Ralph Isselhardt
- Isselhardt in 1936

No. 15
- Position: Guard

Personal information
- Born: January 13, 1910 Hillsboro, Illinois, U.S.
- Died: October 24, 1972 (aged 62) Grand Rapids, Michigan, U.S.
- Listed height: 6 ft 1 in (1.85 m)
- Listed weight: 205 lb (93 kg)

Career information
- High school: Marion (Marion, Indiana)
- College: Franklin (IN)

Career history
- Detroit Lions (1936); Cleveland Rams (1937);

Career NFL statistics
- Games played: 9
- Starts: 0
- Stats at Pro Football Reference

= Ralph Isselhardt =

American football player (1910–1972)

Ralph L. "Izzy" Isselhardt (January 13, 1910 – October 24, 1972) was an American professional football player who played in the National Football League (NFL) for the Detroit Lions and Cleveland Rams. He played college football at Franklin College and was inducted into that school's Hall of Fame in 1975.

==Early life==

He first enrolled at Hillsboro High School in Hillsboro, Illinois before transferring to Marion High School in Marion, Indiana.

==College career==

Isselhardt played for the Franklin Grizzlies. He was a co-captain of the team during his 1935 senior season.

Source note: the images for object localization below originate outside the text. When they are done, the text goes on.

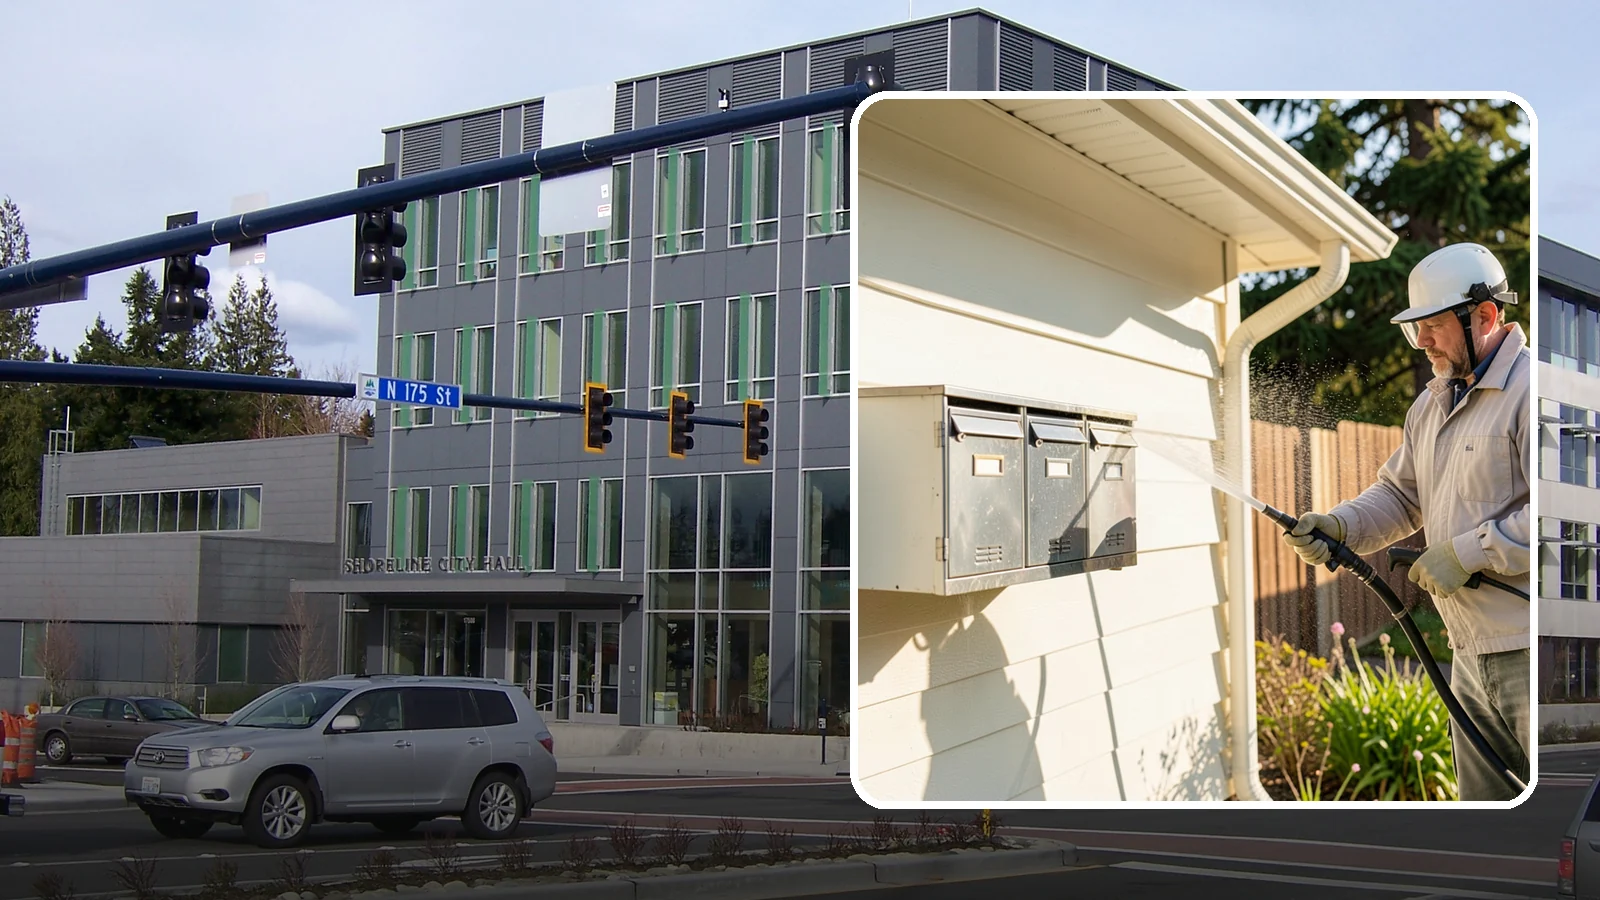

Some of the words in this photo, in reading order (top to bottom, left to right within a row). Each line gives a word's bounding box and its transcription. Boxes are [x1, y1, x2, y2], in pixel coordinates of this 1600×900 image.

[387, 380, 396, 400] N
[405, 382, 427, 403] 175
[436, 386, 451, 406] St
[344, 557, 432, 574] SHORELINE
[438, 557, 475, 572] CITY
[484, 555, 525, 571] HALL

He graduated with a degree from Franklin College in June 1936.

==Professional career==

Isselhardt signed a contract to play with the Lions for the 1936 season early in March of that year. Training camp was expected to open during the first half of August.

Known as "Izzy" to his teammates, Isselhardt played in one game for the Detroit Lions in 1936, before being assigned to a minor league farm club for additional experience.

Isselhardt signed with the Cleveland Rams for the 1937 season and saw action in eight games for the team.

==Death and legacy==

Isselhardt died October 24, 1972, at Grand Rapids, Michigan.

He was inducted into the Franklin College Athletic Hall of Fame in 1975.